REQUIRED WORK: Output every line below exactly, please, omitting pictures.

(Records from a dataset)
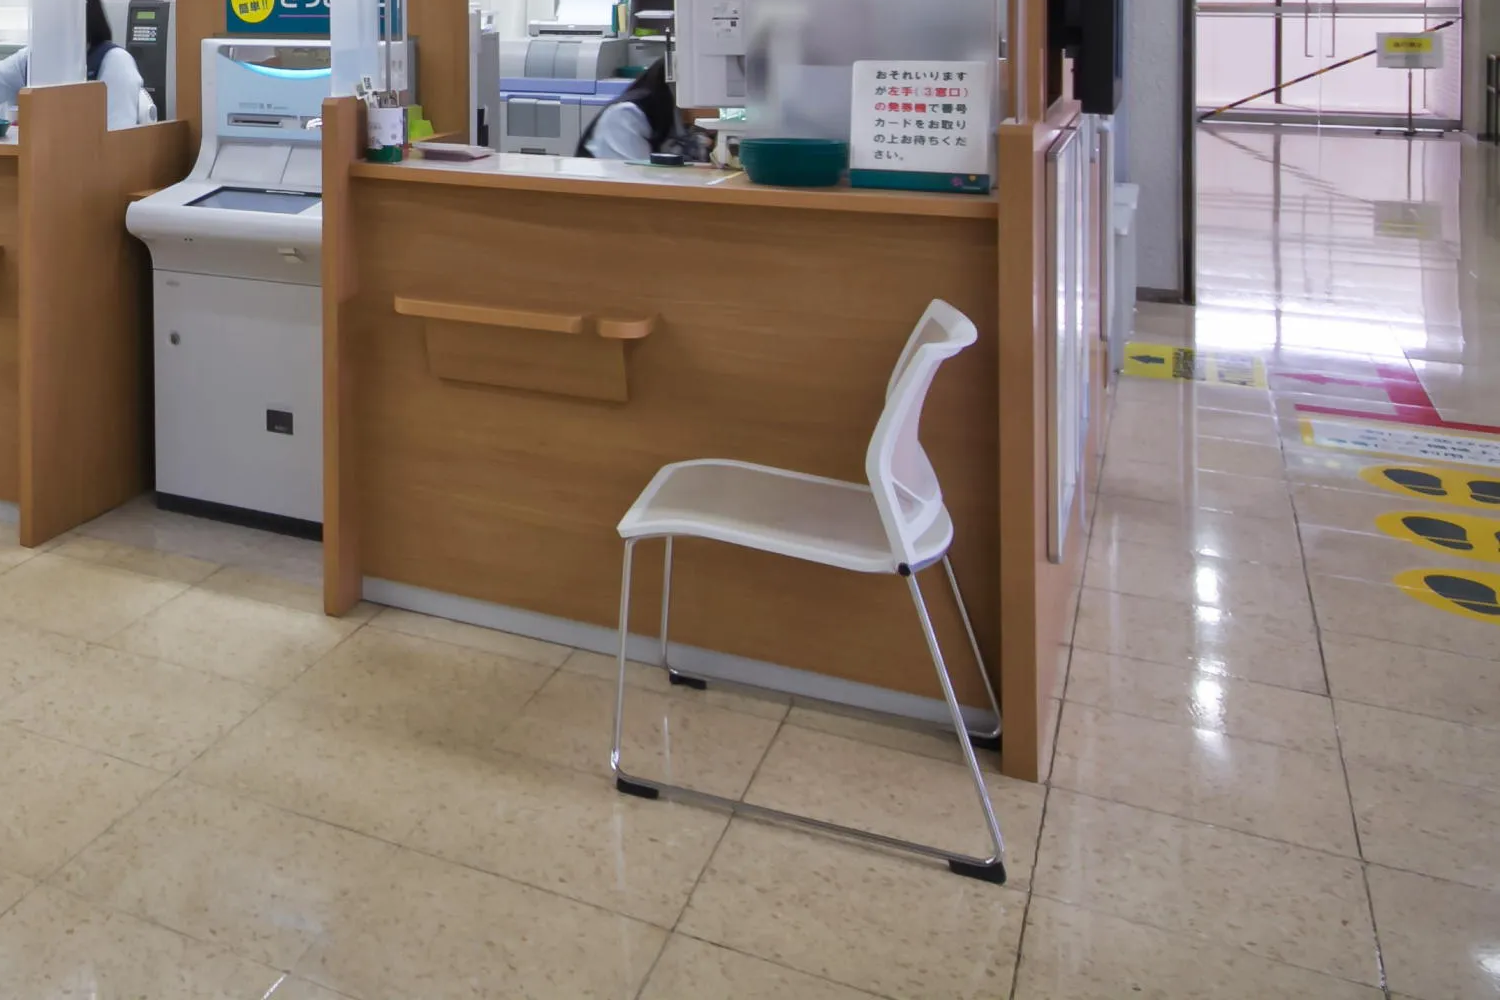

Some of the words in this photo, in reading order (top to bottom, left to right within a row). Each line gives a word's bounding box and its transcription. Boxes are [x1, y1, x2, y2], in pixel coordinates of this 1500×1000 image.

[875, 70, 968, 81] おそれいります
[874, 118, 967, 130] カードをお取り
[873, 134, 967, 147] の上お待ちくだ
[874, 150, 904, 161] さい。
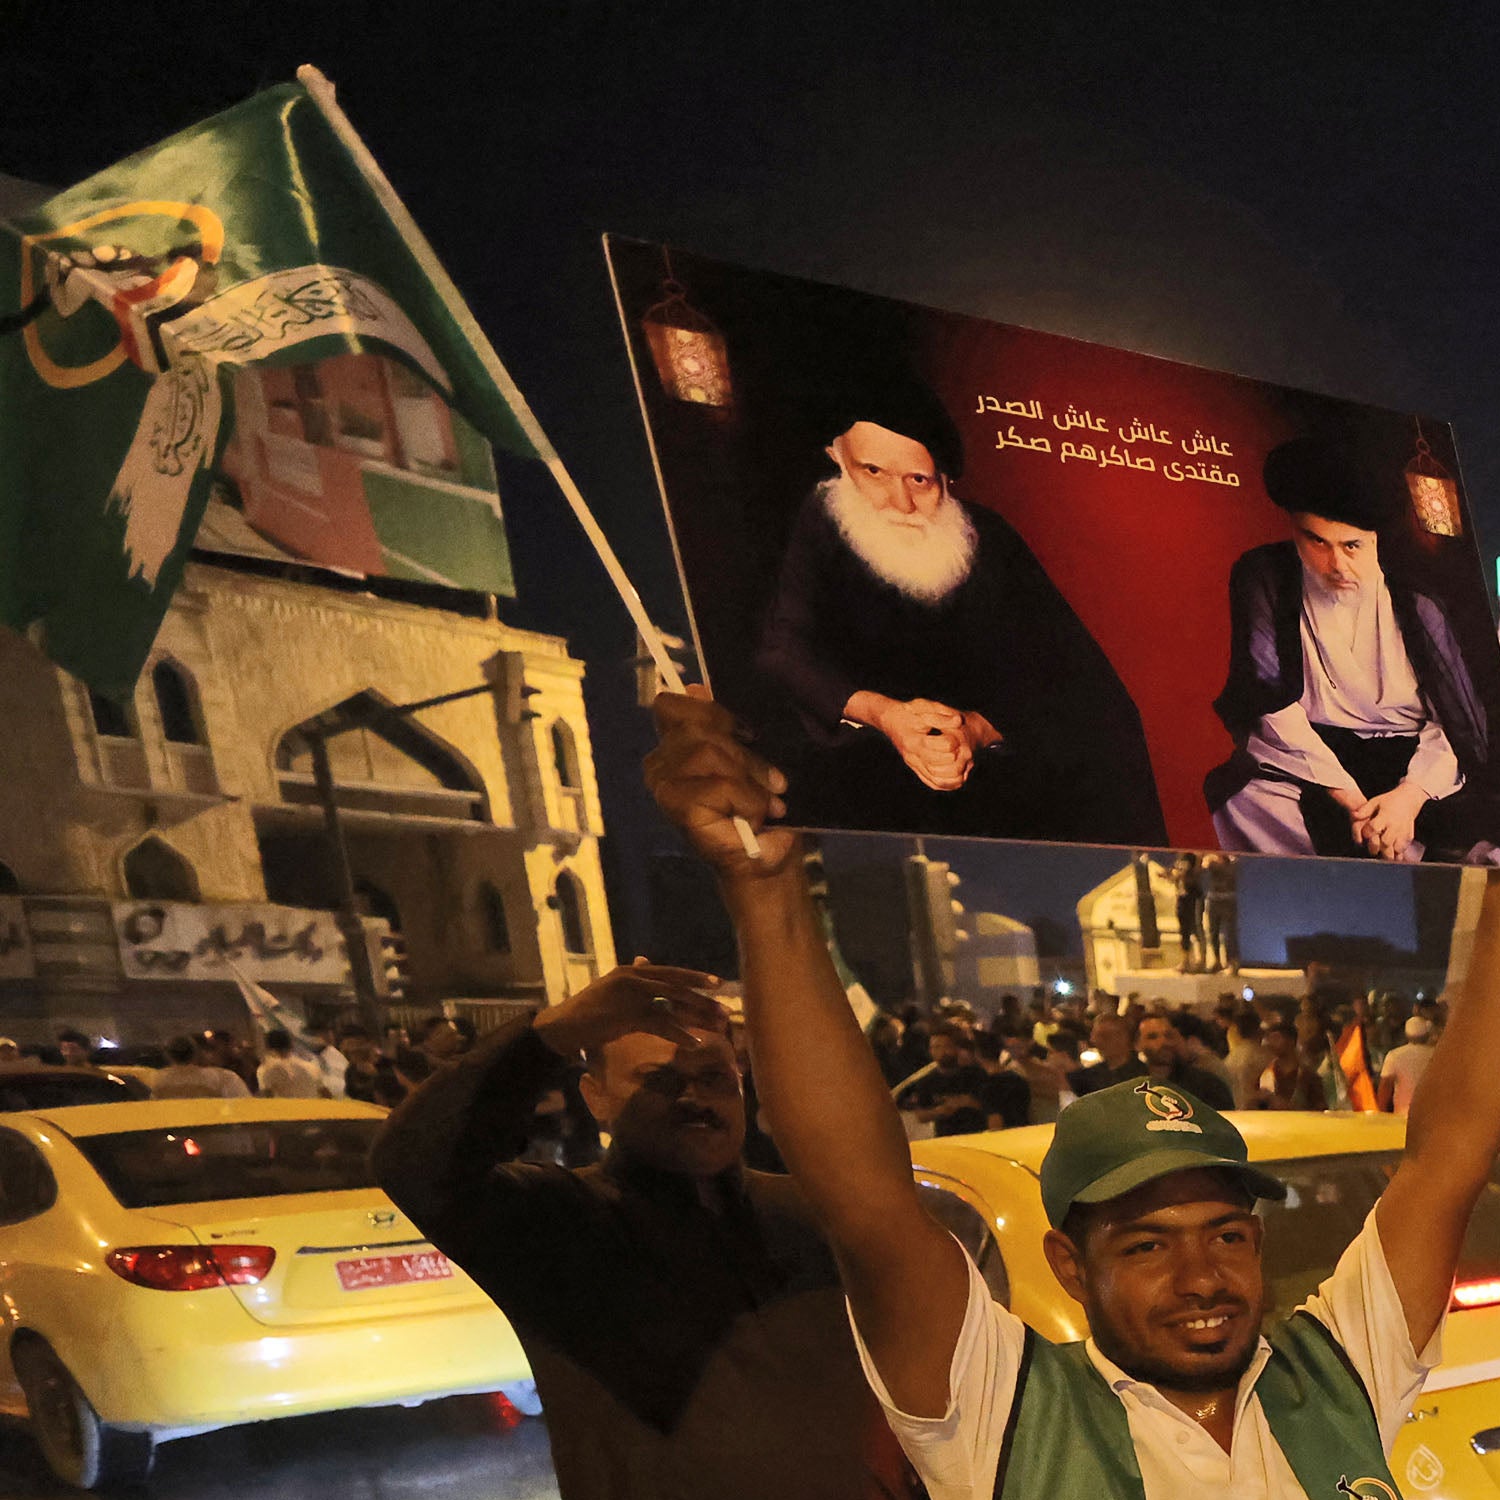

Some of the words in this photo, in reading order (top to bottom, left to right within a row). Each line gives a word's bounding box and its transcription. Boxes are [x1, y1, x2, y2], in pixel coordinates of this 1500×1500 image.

[975, 395, 1044, 420] الصدر
[1052, 404, 1110, 433] عاش
[995, 426, 1052, 453] صكر
[1118, 417, 1173, 445] عاش
[1181, 429, 1234, 457] عاش
[1163, 460, 1240, 487] مقتدى

YOUR SOLUTION:
Some of the words in this photo, in reading order (top to bottom, left to right within a row). Each line gives a word's bounding box and its transcription. Boxes are [x1, y1, x2, y2], in pixel coordinates of this 1500×1000 image.

[875, 70, 968, 81] おそれいります
[874, 118, 967, 130] カードをお取り
[873, 134, 967, 147] の上お待ちくだ
[874, 150, 904, 161] さい。

Some of the words in this photo, in reading order (top to bottom, left to right within a row). Each line gives a word's bounding box and its transcription. Boxes are [x1, y1, x2, y2], in pixel coordinates of this 1500×1500 image.

[975, 395, 1044, 420] الصدر
[1052, 404, 1110, 433] عاش
[995, 426, 1052, 453] صكر
[1118, 417, 1173, 445] عاش
[1181, 429, 1234, 457] عاش
[1163, 460, 1240, 487] مقتدى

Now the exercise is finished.